--- Work task ---
The data must be given again in full, with no line altered.

▶

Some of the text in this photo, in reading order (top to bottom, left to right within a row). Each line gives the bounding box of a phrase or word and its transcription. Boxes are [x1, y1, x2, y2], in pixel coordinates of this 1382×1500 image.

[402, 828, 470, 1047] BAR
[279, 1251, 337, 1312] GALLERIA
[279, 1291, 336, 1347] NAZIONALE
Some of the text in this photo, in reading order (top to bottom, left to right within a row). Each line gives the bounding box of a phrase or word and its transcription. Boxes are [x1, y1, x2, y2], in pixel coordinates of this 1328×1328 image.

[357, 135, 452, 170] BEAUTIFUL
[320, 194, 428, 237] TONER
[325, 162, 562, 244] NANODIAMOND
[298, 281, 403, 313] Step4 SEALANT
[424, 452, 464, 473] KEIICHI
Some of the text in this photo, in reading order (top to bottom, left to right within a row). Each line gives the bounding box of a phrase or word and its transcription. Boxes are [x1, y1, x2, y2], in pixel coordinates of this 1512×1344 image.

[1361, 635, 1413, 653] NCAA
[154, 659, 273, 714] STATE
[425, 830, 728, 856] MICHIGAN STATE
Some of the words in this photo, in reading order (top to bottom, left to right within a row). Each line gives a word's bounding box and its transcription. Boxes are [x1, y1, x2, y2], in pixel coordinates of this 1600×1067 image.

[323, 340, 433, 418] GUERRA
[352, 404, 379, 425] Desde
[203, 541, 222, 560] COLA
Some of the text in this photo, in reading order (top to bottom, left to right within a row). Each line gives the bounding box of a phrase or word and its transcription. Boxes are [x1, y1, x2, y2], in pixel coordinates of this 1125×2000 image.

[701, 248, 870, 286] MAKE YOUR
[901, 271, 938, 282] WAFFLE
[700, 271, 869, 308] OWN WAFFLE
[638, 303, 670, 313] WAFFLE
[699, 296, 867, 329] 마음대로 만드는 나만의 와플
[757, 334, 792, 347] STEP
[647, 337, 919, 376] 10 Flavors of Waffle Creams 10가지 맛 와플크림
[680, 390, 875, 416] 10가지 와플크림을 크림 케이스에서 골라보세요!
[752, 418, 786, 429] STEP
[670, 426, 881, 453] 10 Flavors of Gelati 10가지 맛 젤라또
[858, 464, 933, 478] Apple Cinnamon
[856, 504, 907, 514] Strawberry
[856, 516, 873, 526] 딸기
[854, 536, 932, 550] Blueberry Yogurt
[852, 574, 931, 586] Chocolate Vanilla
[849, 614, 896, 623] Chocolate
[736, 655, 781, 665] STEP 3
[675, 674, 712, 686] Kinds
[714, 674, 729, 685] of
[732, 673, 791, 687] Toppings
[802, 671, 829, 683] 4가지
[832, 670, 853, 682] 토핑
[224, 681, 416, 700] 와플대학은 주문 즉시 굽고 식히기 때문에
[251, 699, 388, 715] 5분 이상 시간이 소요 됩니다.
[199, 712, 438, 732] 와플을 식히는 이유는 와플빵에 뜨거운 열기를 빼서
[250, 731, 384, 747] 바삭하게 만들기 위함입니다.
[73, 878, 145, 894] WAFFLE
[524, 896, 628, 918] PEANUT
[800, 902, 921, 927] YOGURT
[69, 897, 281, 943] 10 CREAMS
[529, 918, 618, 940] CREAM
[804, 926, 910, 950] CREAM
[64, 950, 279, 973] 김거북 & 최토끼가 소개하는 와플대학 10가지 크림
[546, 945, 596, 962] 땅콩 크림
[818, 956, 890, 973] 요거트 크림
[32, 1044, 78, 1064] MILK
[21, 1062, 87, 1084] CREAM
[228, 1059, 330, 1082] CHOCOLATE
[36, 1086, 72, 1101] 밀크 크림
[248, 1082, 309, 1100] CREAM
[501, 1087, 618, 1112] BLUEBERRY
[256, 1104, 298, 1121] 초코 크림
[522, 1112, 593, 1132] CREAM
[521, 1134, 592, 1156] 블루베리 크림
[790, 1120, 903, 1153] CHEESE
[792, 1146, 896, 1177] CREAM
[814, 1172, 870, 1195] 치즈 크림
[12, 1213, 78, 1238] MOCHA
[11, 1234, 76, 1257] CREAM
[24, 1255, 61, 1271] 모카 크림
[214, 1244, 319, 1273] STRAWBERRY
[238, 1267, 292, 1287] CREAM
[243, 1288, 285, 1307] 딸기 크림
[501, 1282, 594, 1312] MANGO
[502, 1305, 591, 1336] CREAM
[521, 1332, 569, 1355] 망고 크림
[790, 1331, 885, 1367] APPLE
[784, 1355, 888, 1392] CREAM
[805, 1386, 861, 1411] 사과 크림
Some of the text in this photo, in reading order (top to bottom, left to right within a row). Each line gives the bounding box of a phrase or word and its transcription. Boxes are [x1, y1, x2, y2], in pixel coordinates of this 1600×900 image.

◀

--- Exercise output ---
Some of the text in this photo, in reading order (top to bottom, left to right within a row). Each line gives the bounding box of a phrase or word and its transcription. Boxes are [x1, y1, x2, y2], in pixel coordinates of this 1382×1500 image.

[402, 828, 470, 1047] BAR
[279, 1251, 337, 1312] GALLERIA
[279, 1291, 336, 1347] NAZIONALE
Some of the text in this photo, in reading order (top to bottom, left to right within a row). Each line gives the bounding box of a phrase or word and its transcription. Boxes are [x1, y1, x2, y2], in pixel coordinates of this 1328×1328 image.

[357, 135, 452, 170] BEAUTIFUL
[320, 194, 428, 237] TONER
[325, 162, 562, 244] NANODIAMOND
[298, 281, 403, 313] Step4 SEALANT
[424, 452, 464, 473] KEIICHI
Some of the text in this photo, in reading order (top to bottom, left to right within a row). Each line gives the bounding box of a phrase or word and its transcription. Boxes are [x1, y1, x2, y2], in pixel coordinates of this 1512×1344 image.

[1361, 635, 1413, 653] NCAA
[154, 659, 273, 714] STATE
[425, 830, 728, 856] MICHIGAN STATE
Some of the words in this photo, in reading order (top to bottom, left to right within a row). Each line gives a word's bounding box and its transcription. Boxes are [x1, y1, x2, y2], in pixel coordinates of this 1600×1067 image.

[323, 340, 433, 418] GUERRA
[352, 404, 379, 425] Desde
[203, 541, 222, 560] COLA
Some of the text in this photo, in reading order (top to bottom, left to right within a row). Each line gives the bounding box of a phrase or word and its transcription. Boxes are [x1, y1, x2, y2], in pixel coordinates of this 1125×2000 image.

[701, 248, 870, 286] MAKE YOUR
[901, 271, 938, 282] WAFFLE
[700, 271, 869, 308] OWN WAFFLE
[638, 303, 670, 313] WAFFLE
[699, 296, 867, 329] 마음대로 만드는 나만의 와플
[757, 334, 792, 347] STEP
[647, 337, 919, 376] 10 Flavors of Waffle Creams 10가지 맛 와플크림
[680, 390, 875, 416] 10가지 와플크림을 크림 케이스에서 골라보세요!
[752, 418, 786, 429] STEP
[670, 426, 881, 453] 10 Flavors of Gelati 10가지 맛 젤라또
[858, 464, 933, 478] Apple Cinnamon
[856, 504, 907, 514] Strawberry
[856, 516, 873, 526] 딸기
[854, 536, 932, 550] Blueberry Yogurt
[852, 574, 931, 586] Chocolate Vanilla
[849, 614, 896, 623] Chocolate
[736, 655, 781, 665] STEP 3
[675, 674, 712, 686] Kinds
[714, 674, 729, 685] of
[732, 673, 791, 687] Toppings
[802, 671, 829, 683] 4가지
[832, 670, 853, 682] 토핑
[224, 681, 416, 700] 와플대학은 주문 즉시 굽고 식히기 때문에
[251, 699, 388, 715] 5분 이상 시간이 소요 됩니다.
[199, 712, 438, 732] 와플을 식히는 이유는 와플빵에 뜨거운 열기를 빼서
[250, 731, 384, 747] 바삭하게 만들기 위함입니다.
[73, 878, 145, 894] WAFFLE
[524, 896, 628, 918] PEANUT
[800, 902, 921, 927] YOGURT
[69, 897, 281, 943] 10 CREAMS
[529, 918, 618, 940] CREAM
[804, 926, 910, 950] CREAM
[64, 950, 279, 973] 김거북 & 최토끼가 소개하는 와플대학 10가지 크림
[546, 945, 596, 962] 땅콩 크림
[818, 956, 890, 973] 요거트 크림
[32, 1044, 78, 1064] MILK
[21, 1062, 87, 1084] CREAM
[228, 1059, 330, 1082] CHOCOLATE
[36, 1086, 72, 1101] 밀크 크림
[248, 1082, 309, 1100] CREAM
[501, 1087, 618, 1112] BLUEBERRY
[256, 1104, 298, 1121] 초코 크림
[522, 1112, 593, 1132] CREAM
[521, 1134, 592, 1156] 블루베리 크림
[790, 1120, 903, 1153] CHEESE
[792, 1146, 896, 1177] CREAM
[814, 1172, 870, 1195] 치즈 크림
[12, 1213, 78, 1238] MOCHA
[11, 1234, 76, 1257] CREAM
[24, 1255, 61, 1271] 모카 크림
[214, 1244, 319, 1273] STRAWBERRY
[238, 1267, 292, 1287] CREAM
[243, 1288, 285, 1307] 딸기 크림
[501, 1282, 594, 1312] MANGO
[502, 1305, 591, 1336] CREAM
[521, 1332, 569, 1355] 망고 크림
[790, 1331, 885, 1367] APPLE
[784, 1355, 888, 1392] CREAM
[805, 1386, 861, 1411] 사과 크림
Some of the text in this photo, in reading order (top to bottom, left to right within a row). Each line gives the bounding box of a phrase or word and its transcription. Boxes are [x1, y1, x2, y2], in pixel coordinates of this 1600×900 image.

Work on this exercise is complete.